§ **GOAL OF THE EXERCISE**
Reproduce the records exactly. Leave the pictures out.

===============

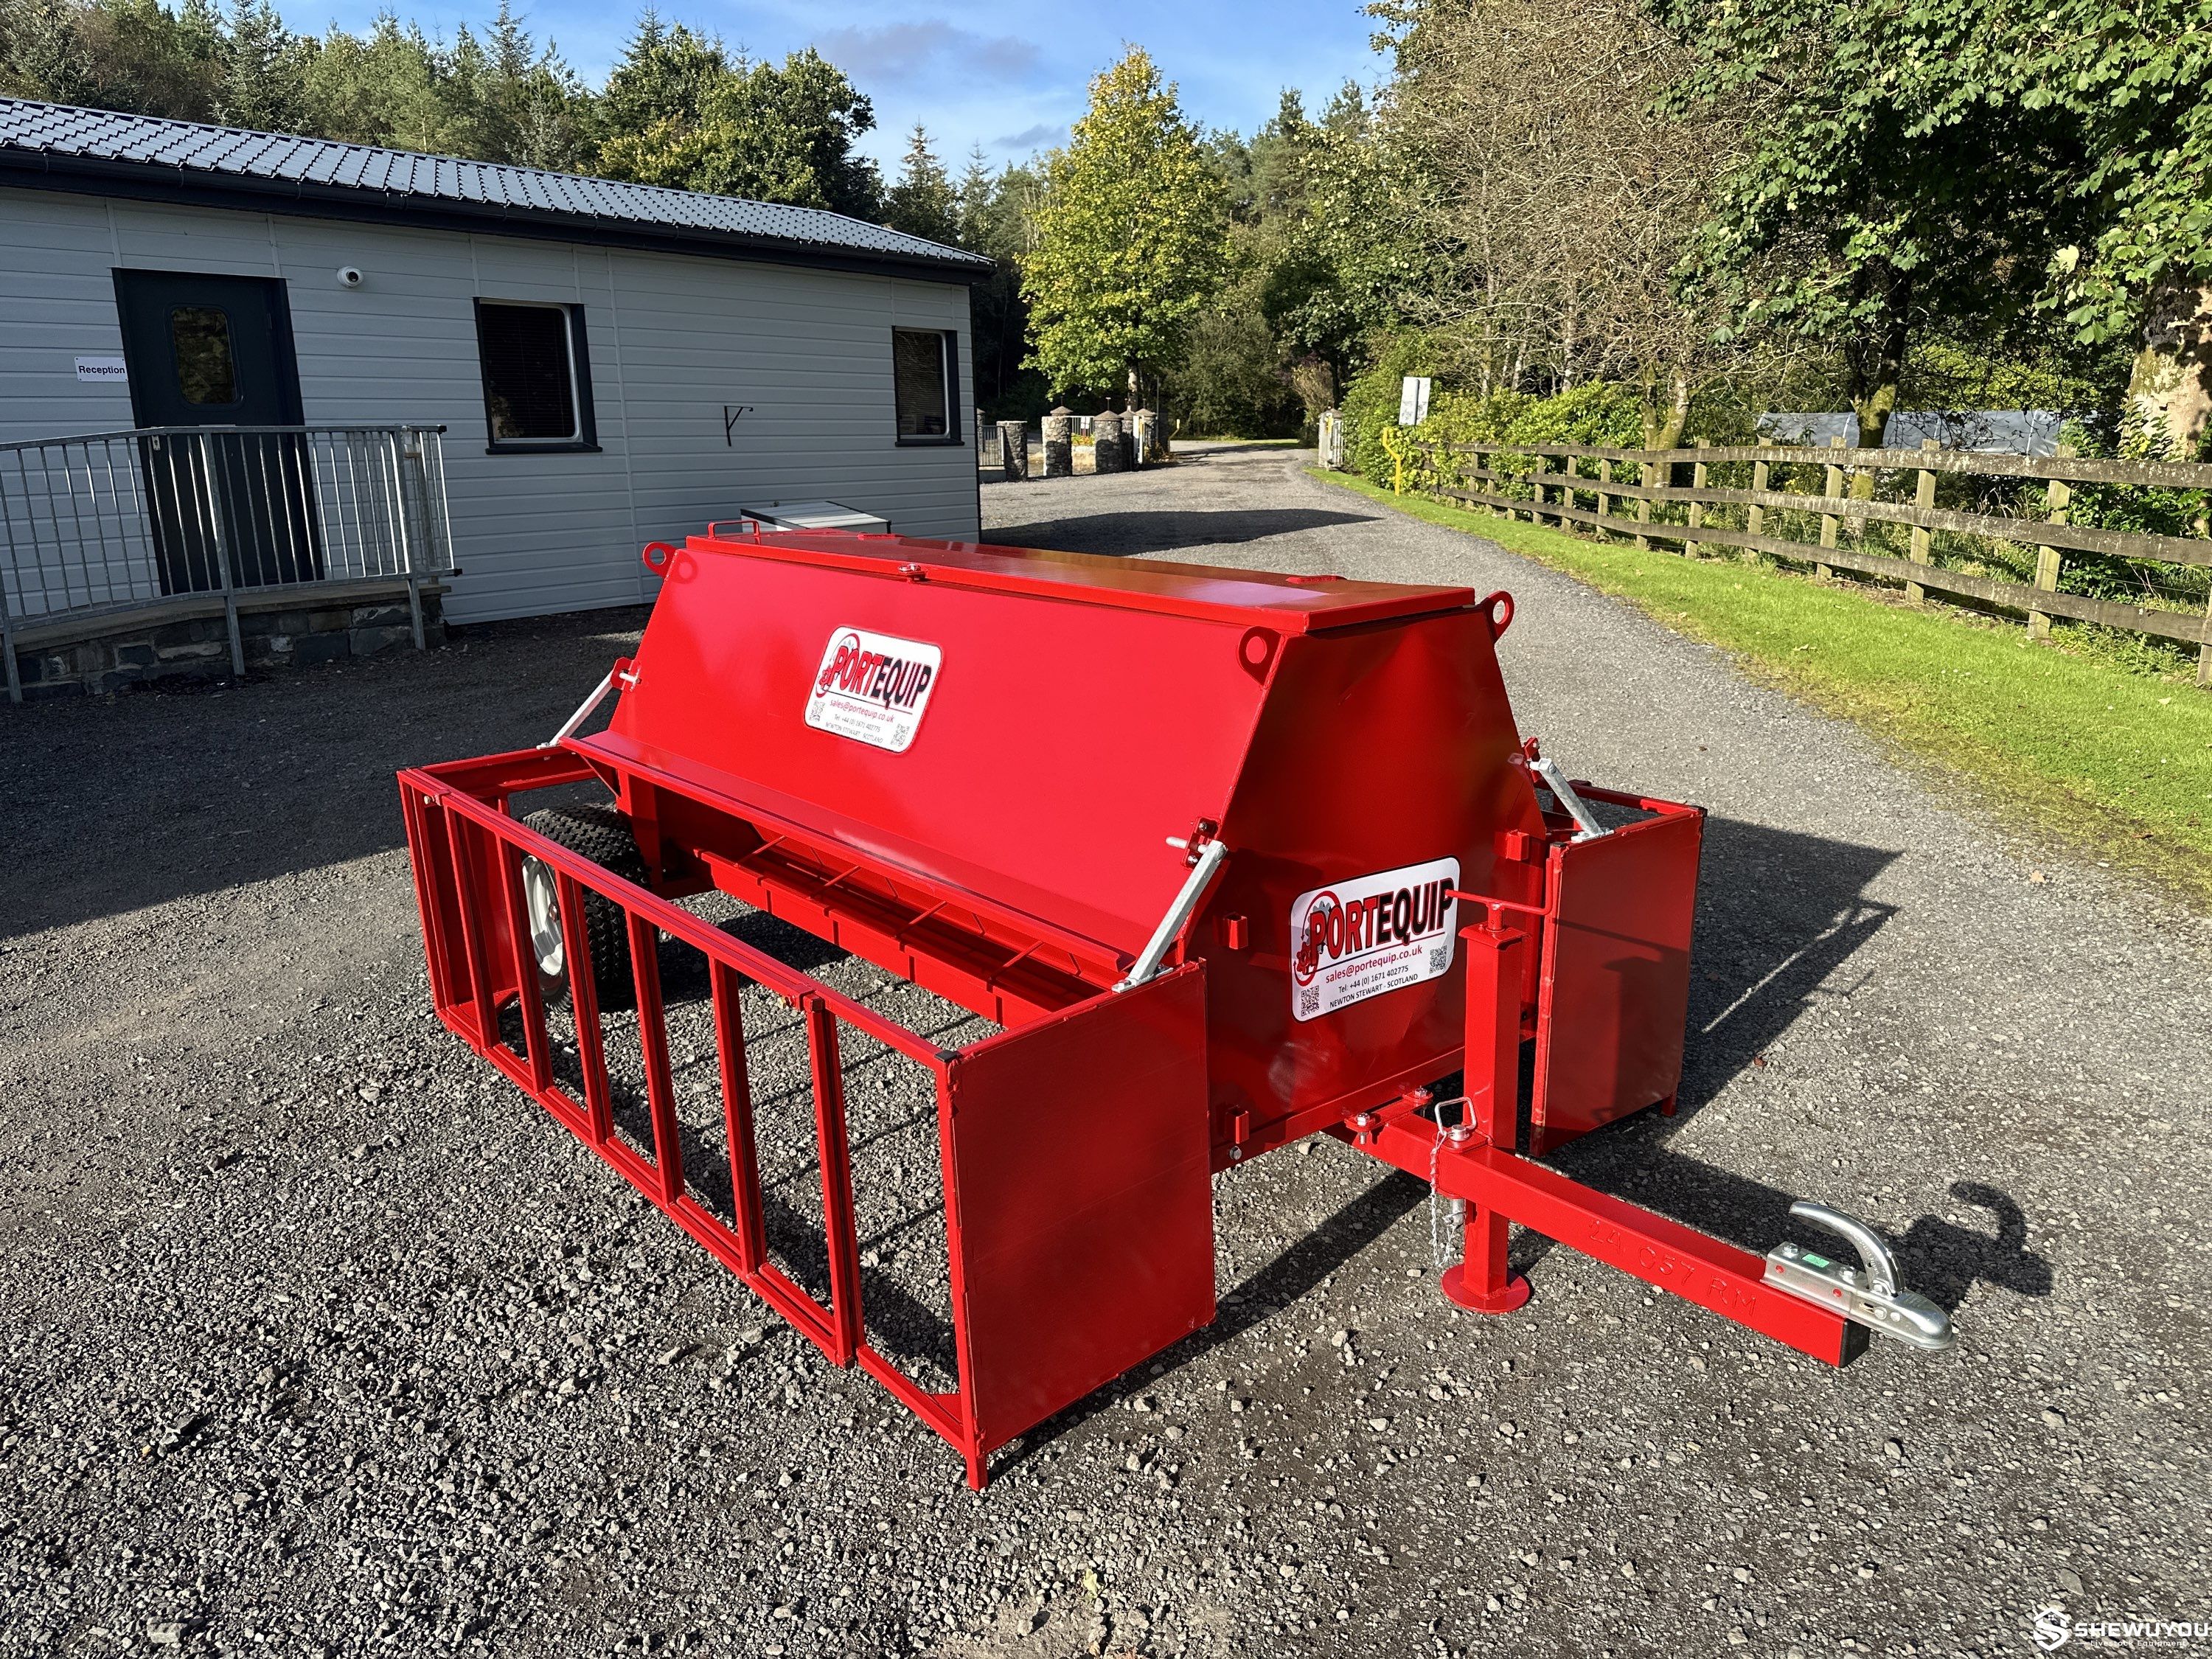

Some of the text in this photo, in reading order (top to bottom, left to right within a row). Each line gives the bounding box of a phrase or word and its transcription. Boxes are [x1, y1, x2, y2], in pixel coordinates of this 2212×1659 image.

[78, 365, 125, 375] Reception
[829, 645, 932, 710] PORTEQUIP
[830, 699, 894, 723] sales@portequip.co.uk
[1310, 877, 1454, 966] PORTEQUIP
[1326, 945, 1422, 983] sales@portequip.co.uk
[1338, 965, 1408, 993] Tel: +44 (0) 1671 402775
[1329, 993, 1354, 1008] NEWTON
[1357, 984, 1382, 998] STEWART
[1387, 973, 1418, 988] SCOTLAND
[1706, 1275, 1756, 1316] RM
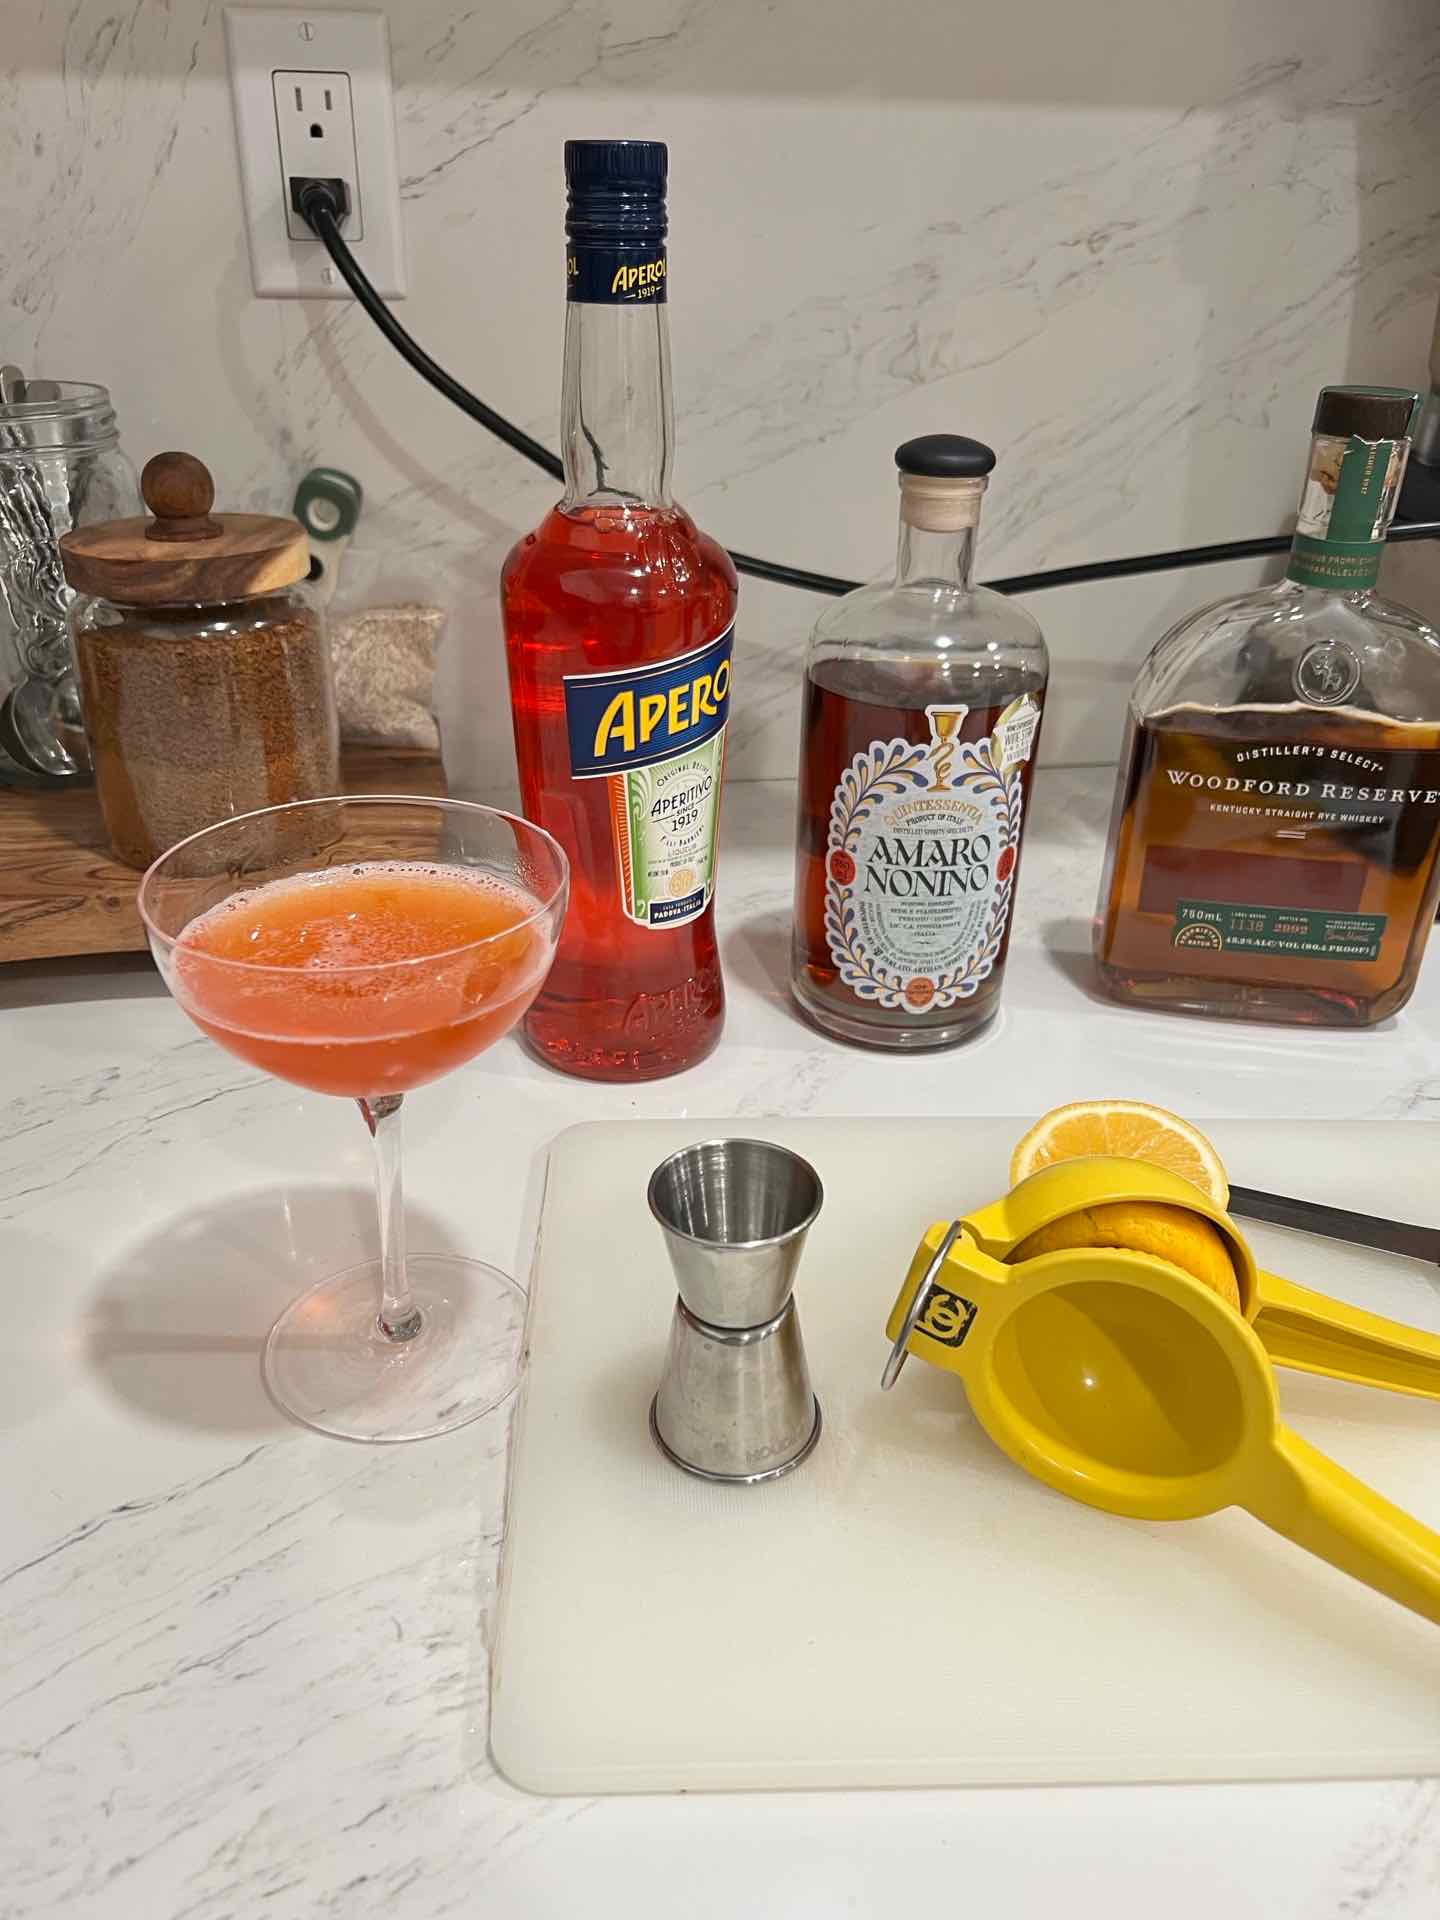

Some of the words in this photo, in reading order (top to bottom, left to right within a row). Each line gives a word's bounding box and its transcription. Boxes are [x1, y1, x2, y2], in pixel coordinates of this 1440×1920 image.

[638, 286, 655, 298] 1919
[594, 659, 731, 757] APERO
[1237, 745, 1325, 762] DISTILLER'S
[1330, 750, 1379, 772] SELECT
[657, 764, 689, 786] ORIGINAL
[1167, 769, 1310, 797] WOODFORD
[1321, 783, 1438, 803] RESERVE
[651, 775, 712, 816] APERITIVO
[671, 809, 698, 832] 1919
[676, 802, 695, 816] SINCE
[905, 813, 934, 826] PRODUCT
[1209, 804, 1261, 816] KENTUCKY
[1265, 808, 1314, 819] STRAIGHT
[1318, 811, 1336, 821] RYE
[1340, 813, 1384, 824] WHISKEY
[867, 834, 991, 867] AMARO
[864, 864, 989, 897] NONINO
[1182, 908, 1223, 922] 750mL
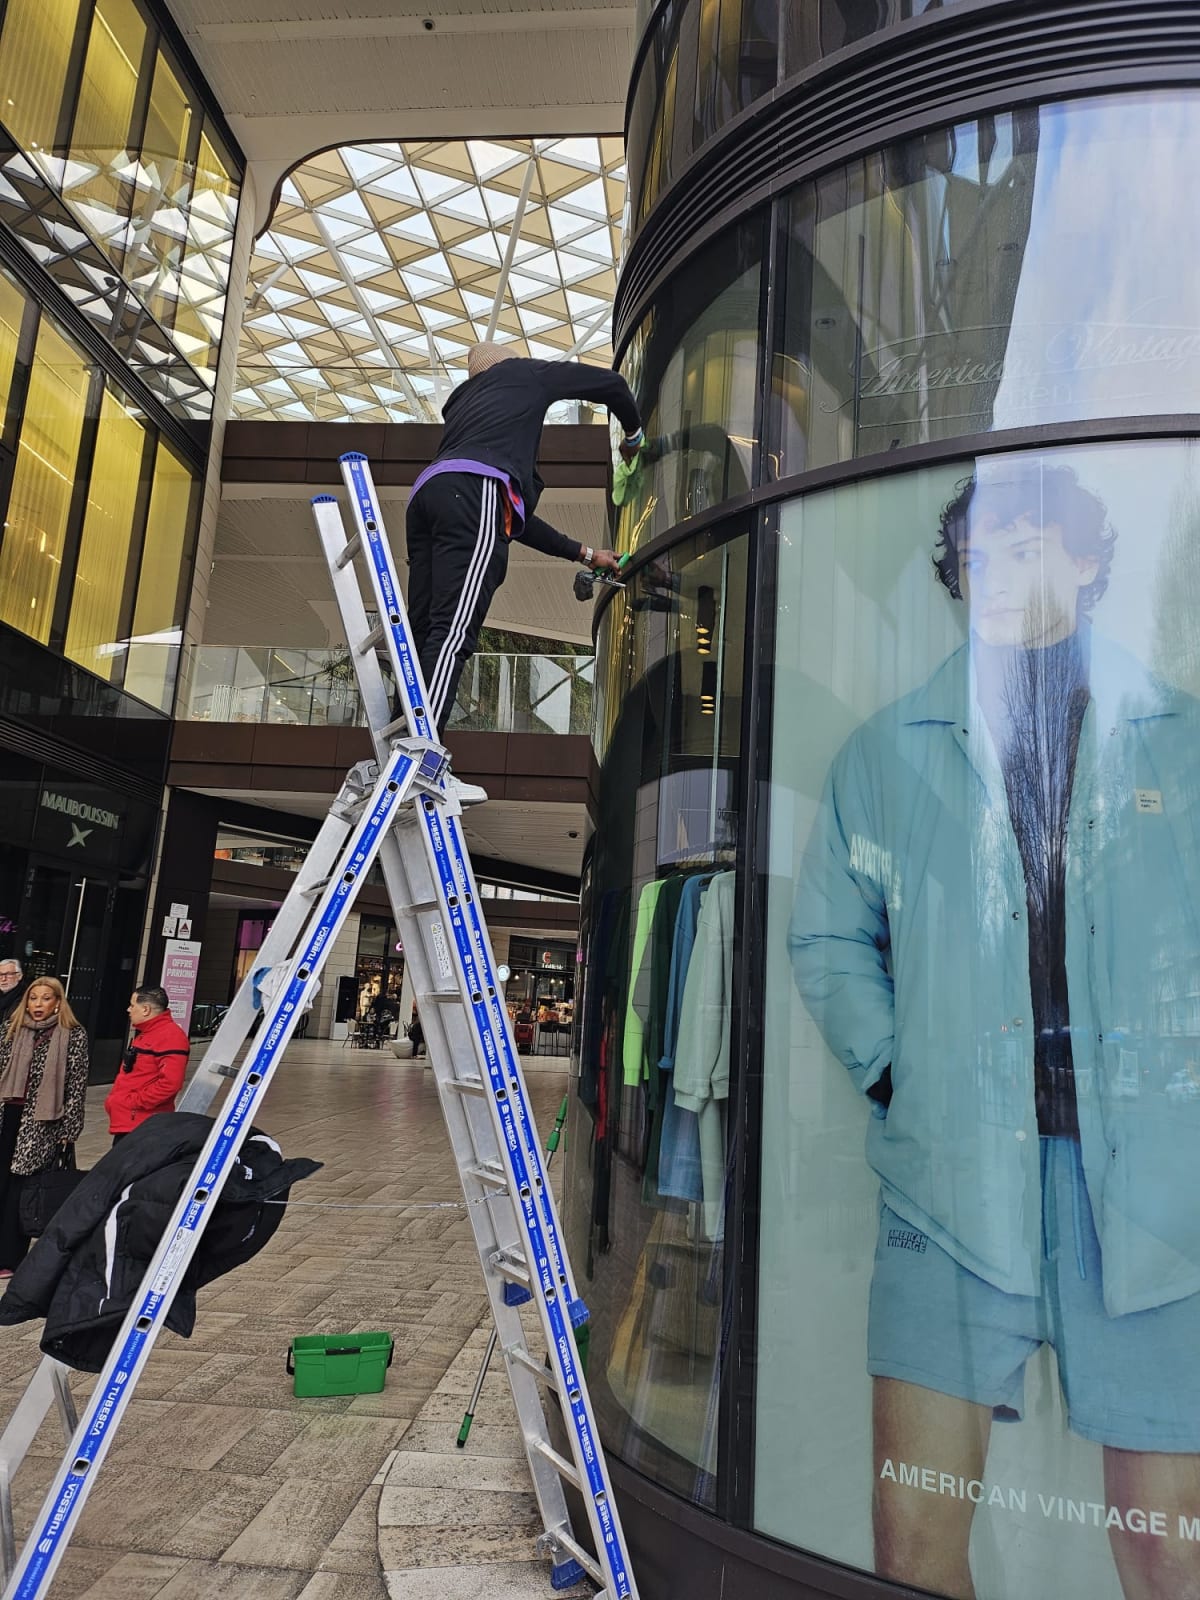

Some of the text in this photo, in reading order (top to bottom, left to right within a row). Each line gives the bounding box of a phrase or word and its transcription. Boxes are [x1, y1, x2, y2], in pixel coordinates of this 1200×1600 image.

[363, 508, 378, 542] TUCA
[380, 570, 394, 604] TUBESCA
[401, 652, 415, 685] TUBESCA
[41, 790, 119, 830] MAUBOUSSIN
[429, 817, 443, 851] TUBESCA
[338, 861, 359, 896] TUCA
[306, 924, 328, 962] TUBESCA
[166, 968, 195, 978] PARKING
[264, 1012, 287, 1051] TUBESCA
[482, 1029, 496, 1065] TUBESCA
[230, 1085, 253, 1126] TUBESCA
[503, 1114, 518, 1151] TUBESCA
[210, 1139, 228, 1170] PLATINIUM
[888, 1229, 928, 1243] AMERICAN
[888, 1237, 928, 1254] VINTAGE
[122, 1332, 142, 1368] PLATINIUM
[557, 1336, 572, 1374] TUBESCA
[90, 1384, 120, 1437] TUBESCA
[579, 1424, 594, 1463] TUBESCA
[45, 1481, 77, 1537] TUBESCA
[879, 1458, 1026, 1513] AMERICAN
[1038, 1494, 1168, 1537] VINTAGE
[21, 1555, 44, 1598] PLATINIUM

===============

§ **EXERCISE RESULT**
Some of the text in this photo, in reading order (top to bottom, left to right within a row). Each line gives the bounding box of a phrase or word and its transcription. Boxes are [x1, y1, x2, y2], in pixel coordinates of this 2212×1659 image.

[78, 365, 125, 375] Reception
[829, 645, 932, 710] PORTEQUIP
[830, 699, 894, 723] sales@portequip.co.uk
[1310, 877, 1454, 966] PORTEQUIP
[1326, 945, 1422, 983] sales@portequip.co.uk
[1338, 965, 1408, 993] Tel: +44 (0) 1671 402775
[1329, 993, 1354, 1008] NEWTON
[1357, 984, 1382, 998] STEWART
[1387, 973, 1418, 988] SCOTLAND
[1706, 1275, 1756, 1316] RM

Some of the words in this photo, in reading order (top to bottom, left to right within a row). Each line gives a word's bounding box and its transcription. Boxes are [x1, y1, x2, y2], in pixel coordinates of this 1440×1920 image.

[638, 286, 655, 298] 1919
[594, 659, 731, 757] APERO
[1237, 745, 1325, 762] DISTILLER'S
[1330, 750, 1379, 772] SELECT
[657, 764, 689, 786] ORIGINAL
[1167, 769, 1310, 797] WOODFORD
[1321, 783, 1438, 803] RESERVE
[651, 775, 712, 816] APERITIVO
[671, 809, 698, 832] 1919
[676, 802, 695, 816] SINCE
[905, 813, 934, 826] PRODUCT
[1209, 804, 1261, 816] KENTUCKY
[1265, 808, 1314, 819] STRAIGHT
[1318, 811, 1336, 821] RYE
[1340, 813, 1384, 824] WHISKEY
[867, 834, 991, 867] AMARO
[864, 864, 989, 897] NONINO
[1182, 908, 1223, 922] 750mL

Some of the text in this photo, in reading order (top to bottom, left to right within a row). Each line gives the bounding box of a phrase or word and its transcription. Boxes are [x1, y1, x2, y2], in pixel coordinates of this 1200×1600 image.

[363, 508, 378, 542] TUCA
[380, 570, 394, 604] TUBESCA
[401, 652, 415, 685] TUBESCA
[41, 790, 119, 830] MAUBOUSSIN
[429, 817, 443, 851] TUBESCA
[338, 861, 359, 896] TUCA
[306, 924, 328, 962] TUBESCA
[166, 968, 195, 978] PARKING
[264, 1012, 287, 1051] TUBESCA
[482, 1029, 496, 1065] TUBESCA
[230, 1085, 253, 1126] TUBESCA
[503, 1114, 518, 1151] TUBESCA
[210, 1139, 228, 1170] PLATINIUM
[888, 1229, 928, 1243] AMERICAN
[888, 1237, 928, 1254] VINTAGE
[122, 1332, 142, 1368] PLATINIUM
[557, 1336, 572, 1374] TUBESCA
[90, 1384, 120, 1437] TUBESCA
[579, 1424, 594, 1463] TUBESCA
[45, 1481, 77, 1537] TUBESCA
[879, 1458, 1026, 1513] AMERICAN
[1038, 1494, 1168, 1537] VINTAGE
[21, 1555, 44, 1598] PLATINIUM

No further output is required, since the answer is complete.